• [What you will do]
From the first line to the last, copy the listing exactly and omit the pictures.

BEGIN Exercise data

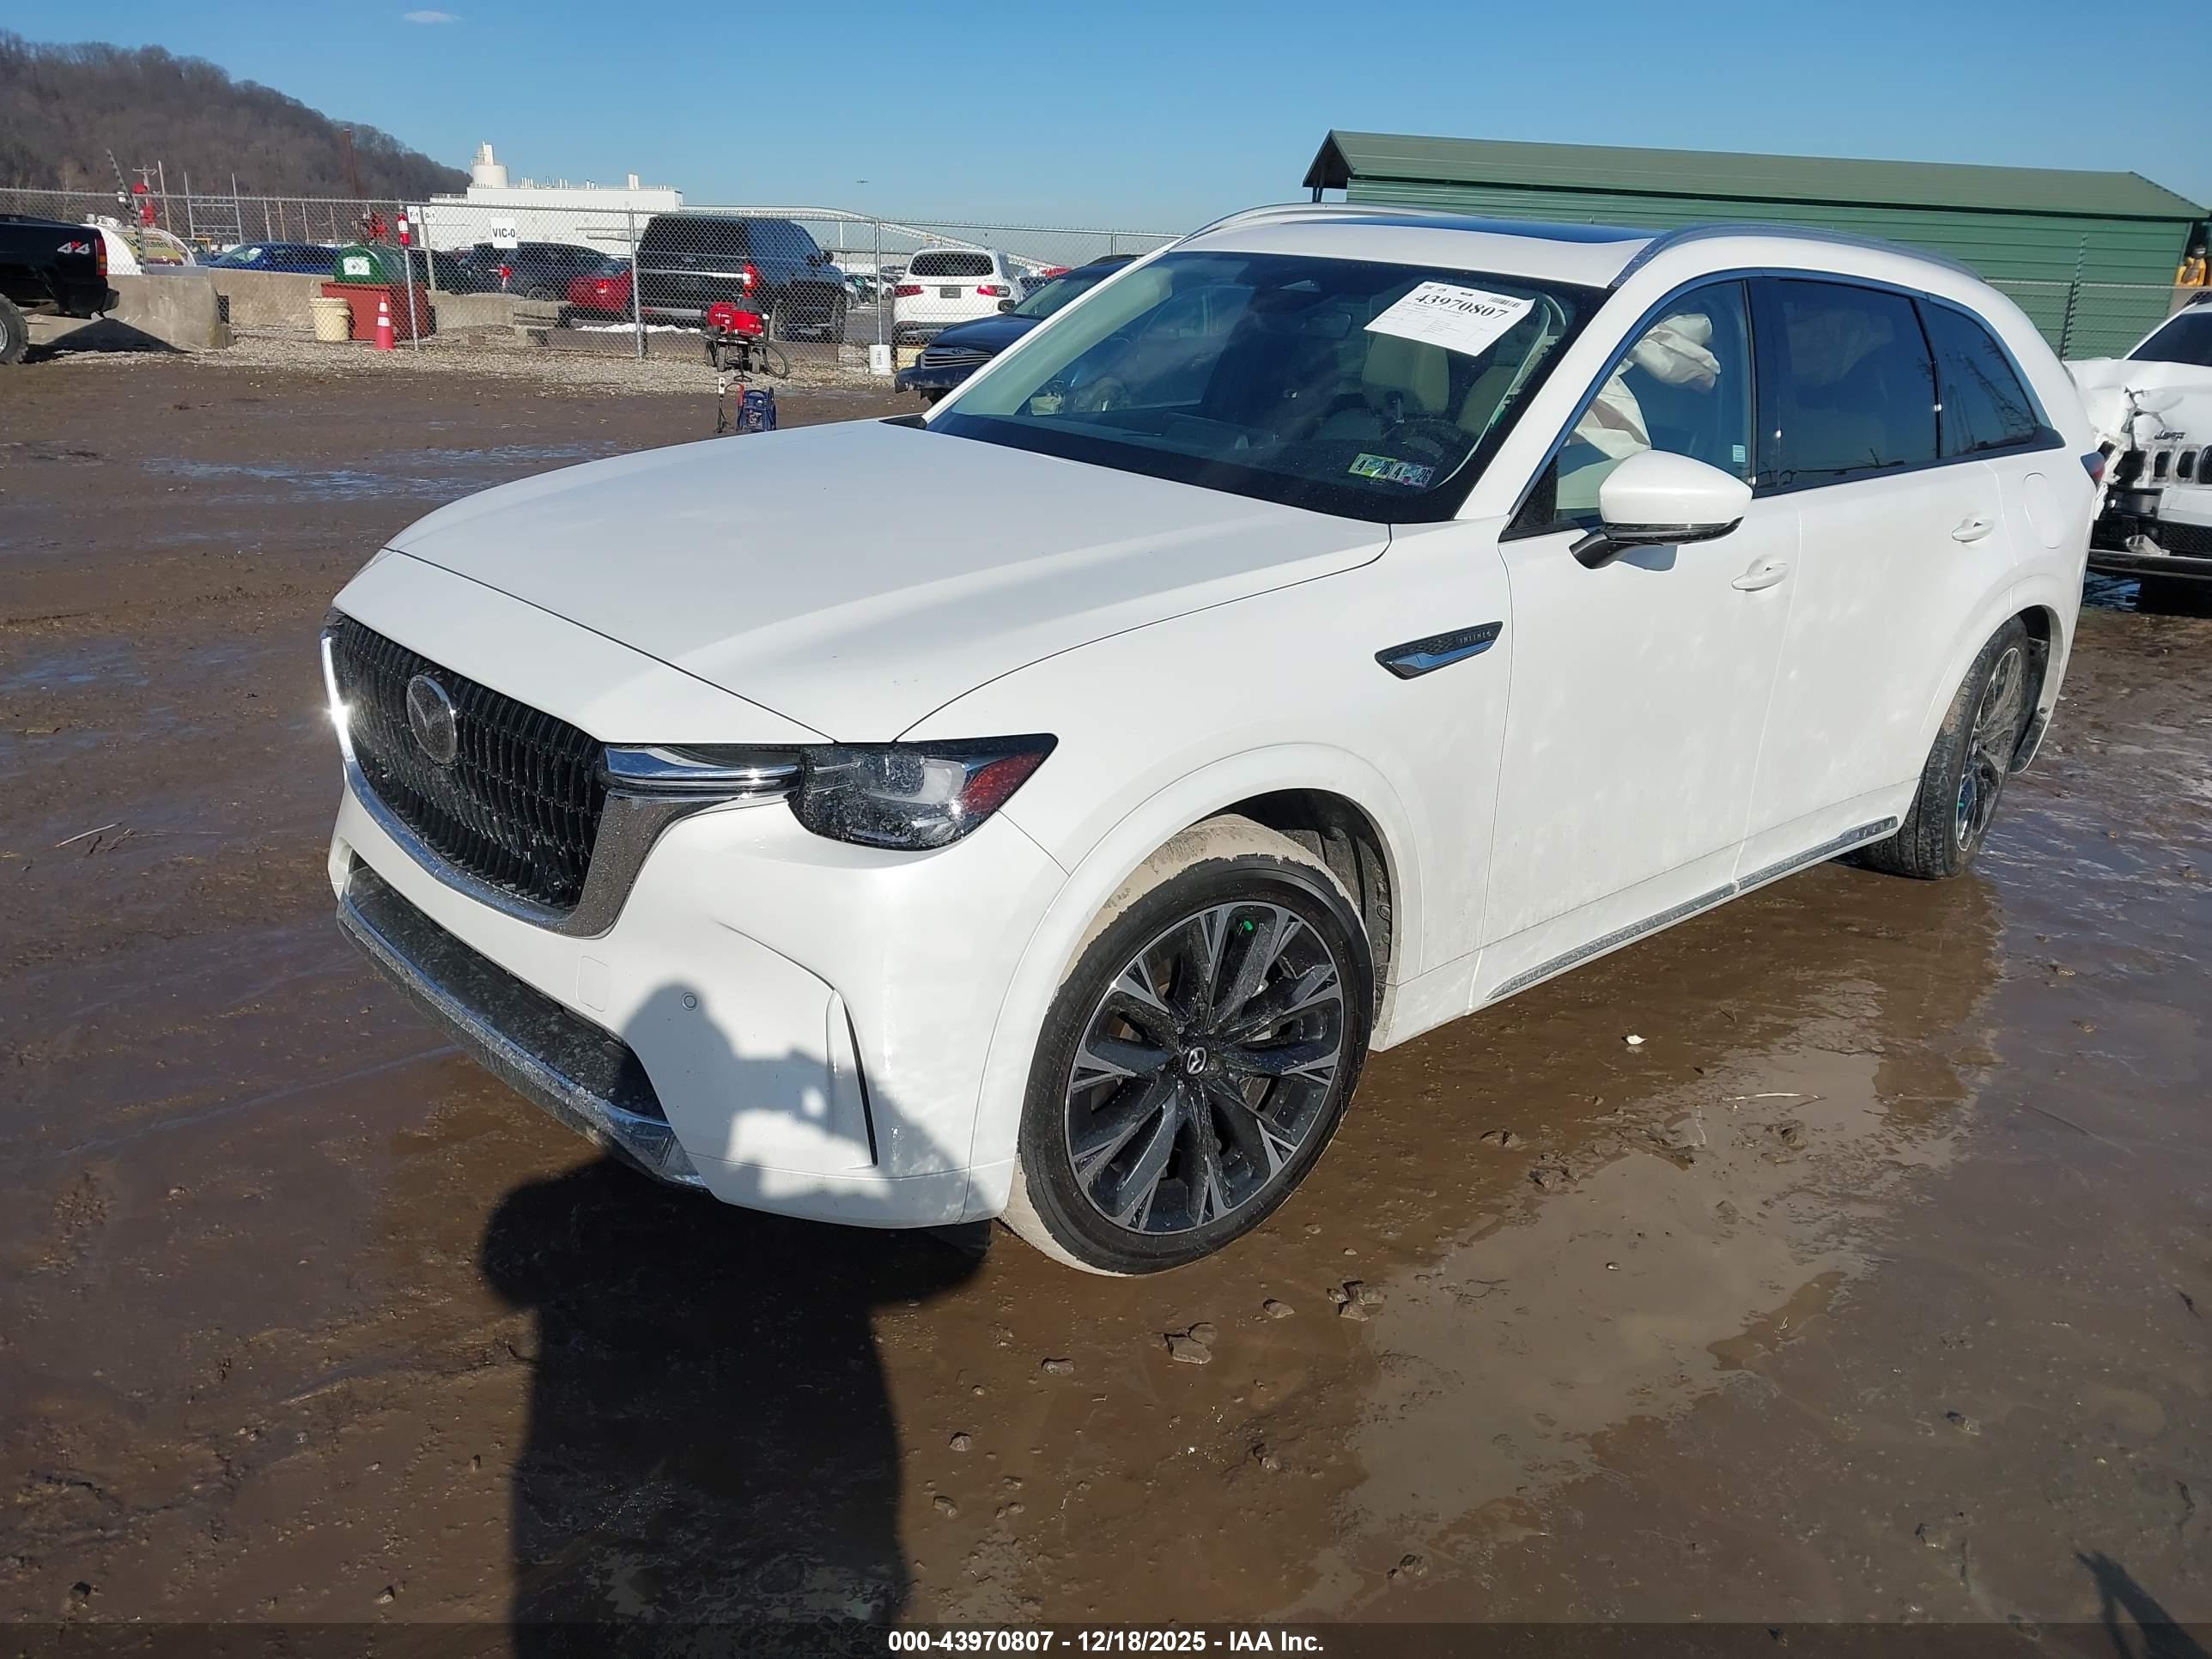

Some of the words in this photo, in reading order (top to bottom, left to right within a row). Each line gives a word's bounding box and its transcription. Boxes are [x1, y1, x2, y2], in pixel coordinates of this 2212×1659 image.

[1414, 293, 1510, 319] 43970807
[2154, 429, 2186, 441] Jeep
[1356, 459, 1367, 471] 4
[1393, 466, 1403, 478] 4

END Exercise data

• [Solved exercise]
Some of the words in this photo, in reading order (top to bottom, left to right within a row). Each line gives a word's bounding box and its transcription. Boxes are [x1, y1, x2, y2], in pixel coordinates of this 2212×1659 image.

[1414, 293, 1510, 319] 43970807
[2154, 429, 2186, 441] Jeep
[1356, 459, 1367, 471] 4
[1393, 466, 1403, 478] 4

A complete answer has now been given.